Tuo nonno che la domenica mattina è tutto il tempo delle ore e dei giorni che trascorrono fino alla prossima domenica mattina, perché tuo nonno col suo cappello verde e il suo odore di dopobarba alla menta, è attesa salata e voce di mare caldo da respirare quando meno te lo aspetti. E perché tuo nonno, con le sue scarpe grosse col buco al lato per far passare la cipolla, è l’odore di mille e mille passeggiate tra quei campetti di periferia dove i ragazzi giocano a pallone.

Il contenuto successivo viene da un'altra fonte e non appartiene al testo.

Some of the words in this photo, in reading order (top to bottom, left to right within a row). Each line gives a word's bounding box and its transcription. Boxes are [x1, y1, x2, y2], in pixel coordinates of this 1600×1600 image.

È l’odore di quei muri di palazzi in costruzione in una città troppo grande per poter cambiare insieme a te che sei sempre piccolo e uguale ai giorni che scorrono lenti e che dividono per te, ogni domenica mattina.
Prendi la scarpa sotto la finestra, la infili piano al piede e sai che fra qualche istante, sarà completamente diversa, perché proprio nel momento in cui starete per uscire, lui ti guarderà le scarpe e ti dirà che sono sporche.
-      Dove vai con quelle scarpe?
-      Perché?
Non hai potuto fare a meno di chiederglielo. Lo sai che lui ti risponderà che sono sporche. Lo sai che quel momento, laddove il tempo forma una collina in quella collina, i gesti più importanti delle persone sono destinati a ripetersi per sempre.
-      Sono sporche.
Tira fuori da una tasca la scatoletta di metallo.
-      Questa è speciale.
E tu vorresti abbracciarlo ora e dirgli “certo che è speciale, nonno… avevi ragione tu. È veramente speciale questa crema.”

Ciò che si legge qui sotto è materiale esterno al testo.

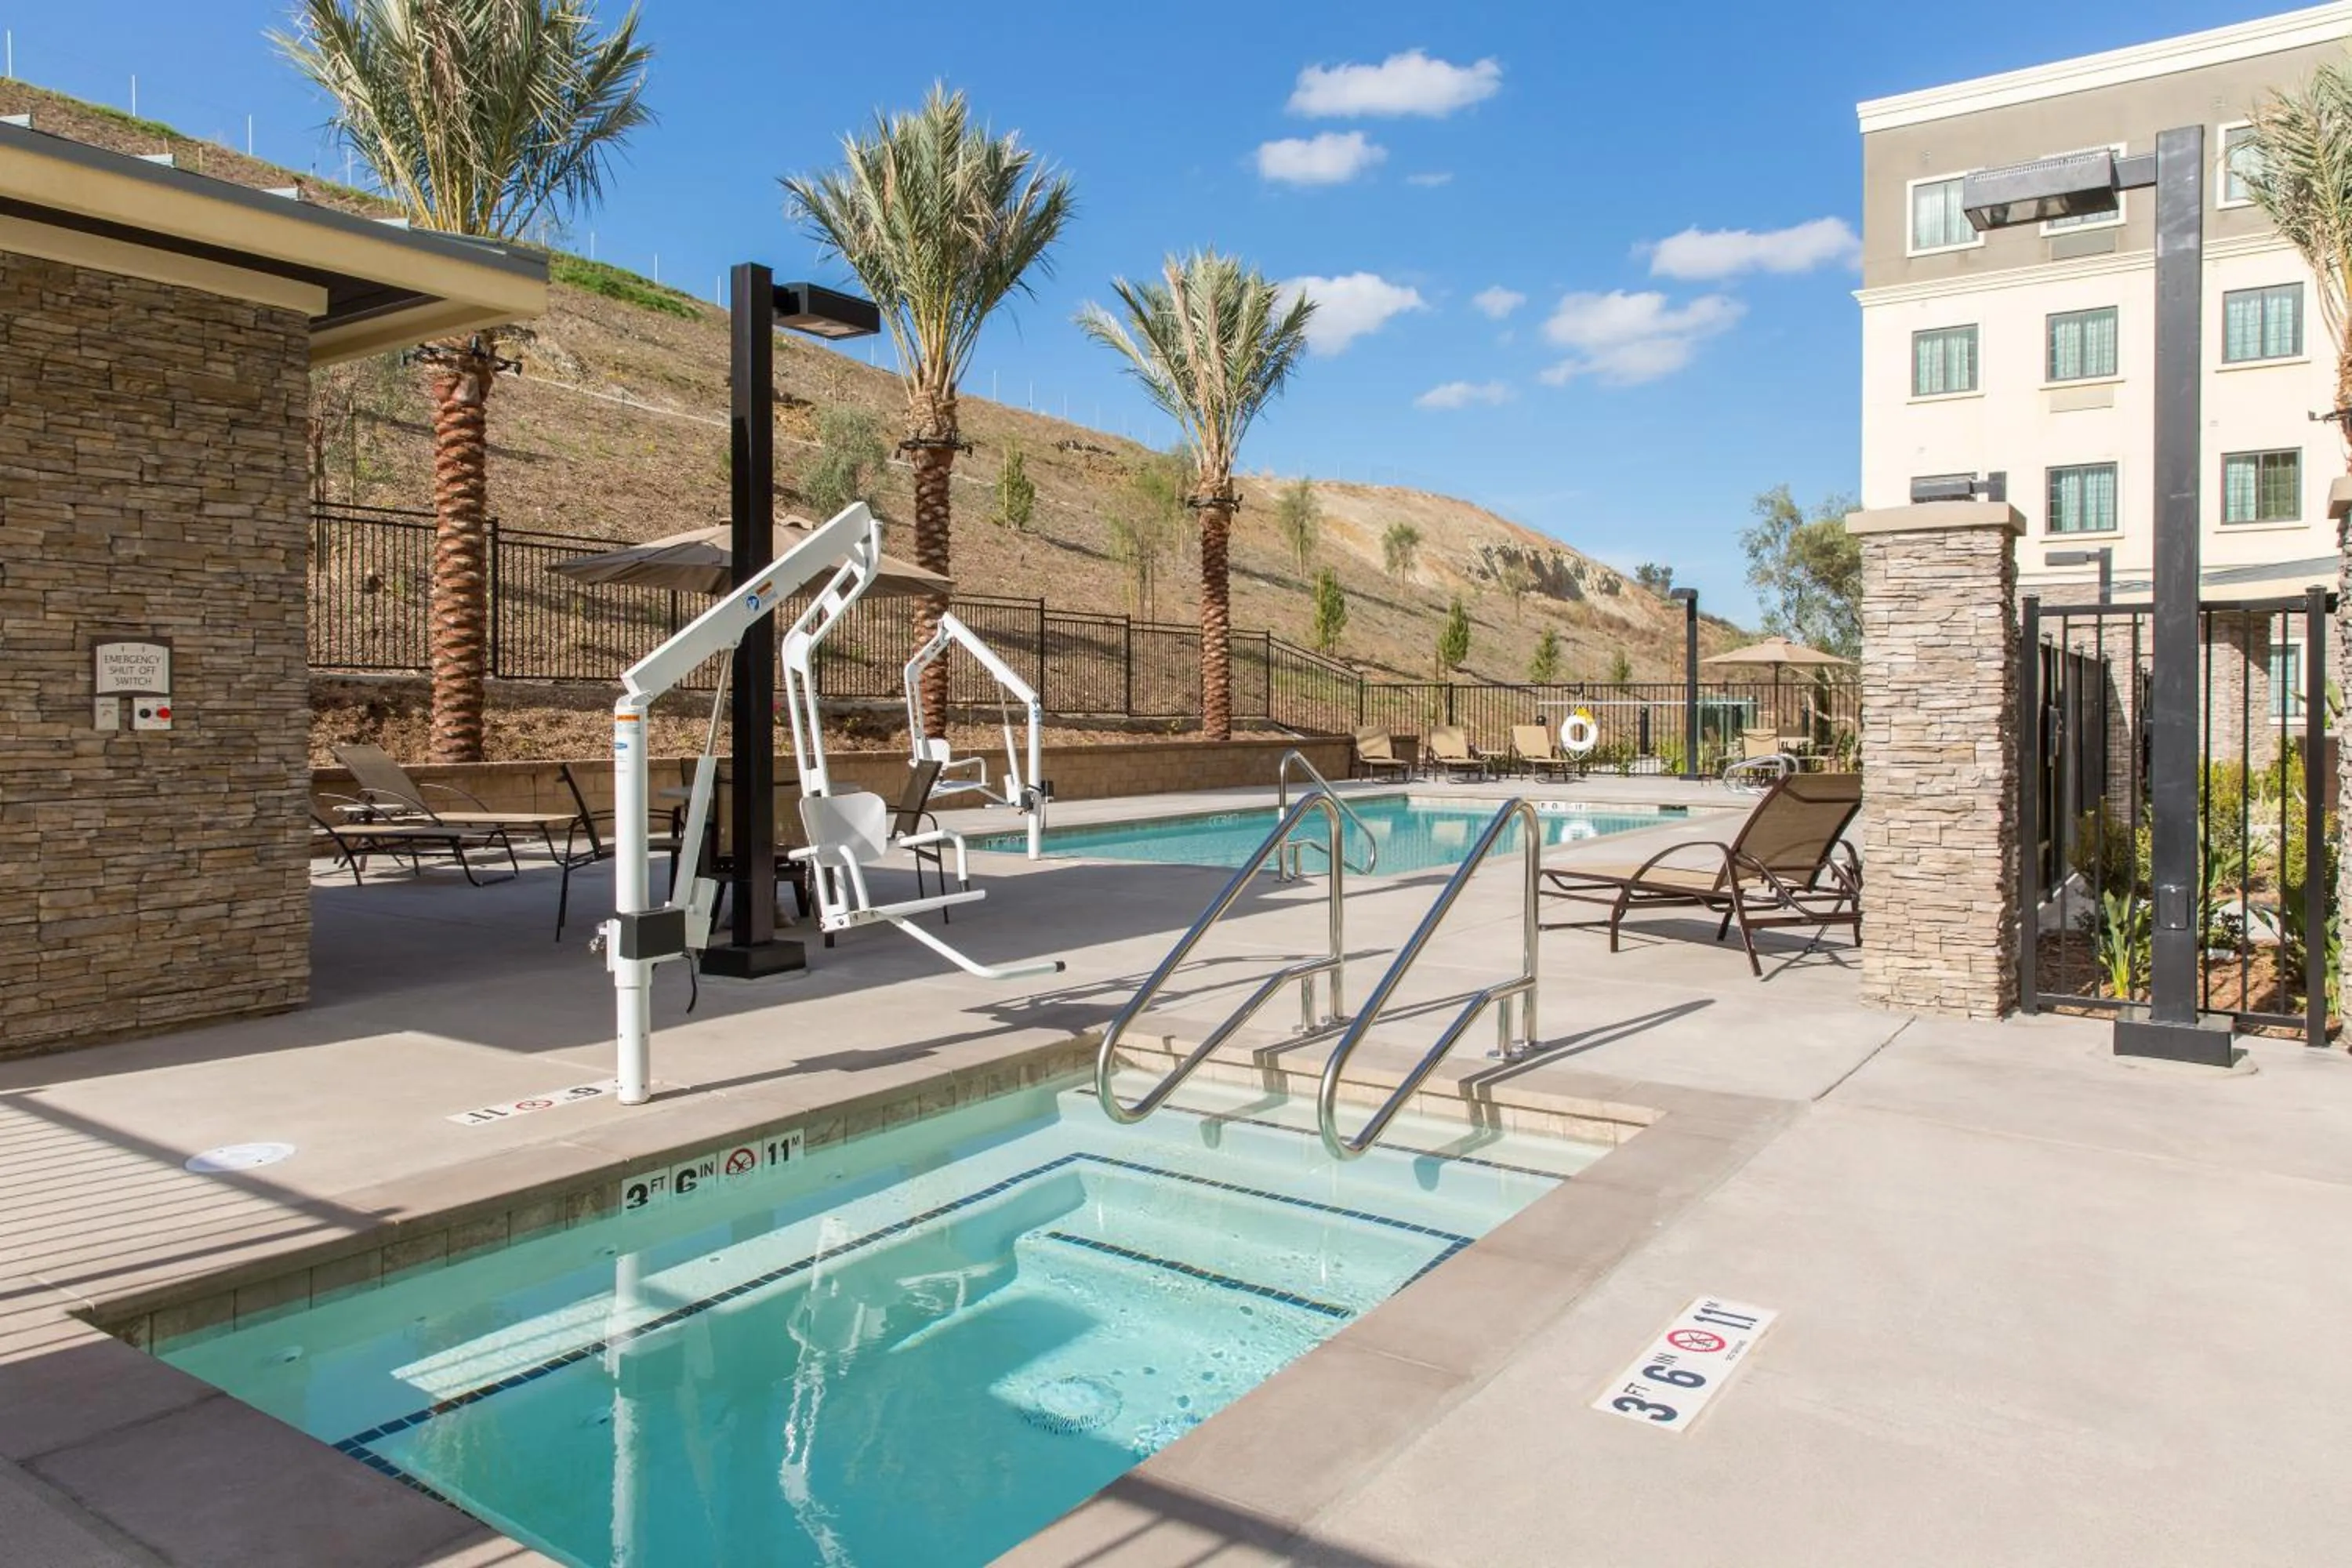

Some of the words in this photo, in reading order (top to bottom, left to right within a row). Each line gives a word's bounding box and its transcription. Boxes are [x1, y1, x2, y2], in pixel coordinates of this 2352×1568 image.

E per un attimo ancora lo osservi svitare il coperchio e intingere le setole della spazzola nell’odore anziano come tutti gli anni che trascorrerai fino al momento in cui, una sera, in un supermercato di tanti anni dopo, ricorderai il tempo in cui, l’odore del lucido da scarpe voleva dire domenica mattina e la mano di tuo nonno che si chiudeva nella tua.
Per ora, non ti resta che posarla quella scatoletta di metallo. Per ora non ti resta che restituirla al suo scaffale e avviarti a pagare la spesa alle casse del supermercato;
È da tempo che non usi più quel lucido da scarpe. Del resto lo sapevi.  Erano altri tempi quelli. Erano altre scarpe e altre creme lucidanti, perciò ora ci sono altri odori nella tua vita.
Va bene così, non ti preoccupi più di tanto perché sai che prima o poi, ti capiterà di incontrarlo ancora quest’odore, magari a casa di qualcuno che in fatto di scarpe, ha gusti migliori dei tuoi.

2 commenti:

francesca ha detto...

Che meraviglia risvegliare in un istante il bambino che siamo stati , che siamo ancora. Cerco di rivederlo negli sguardi di mio figlio, nel suo ripetere gesti e movimenti, nel suo sorriso che dischiude tutte le dolcezze del mondo. Grazie per questi tuoi pensieri Angelo, per questa poesia leggera che si muove sotto i nostri occhi. Penso allo zucchero filato, era li quando ero bambina .. Ma esiste ancora lo zucchero filato ?

Paolo ha detto...

eh...dovevi scegliere però una foto di una scatoletta con una farfallina lunga sul lato, con una vitina al centro, che potevi girare da una parte o dall'altra.... che andava a sbattere contro il coperchietto e che lo alzava quel tanto che ti facilitava l'apertura. Ah...la cromatina.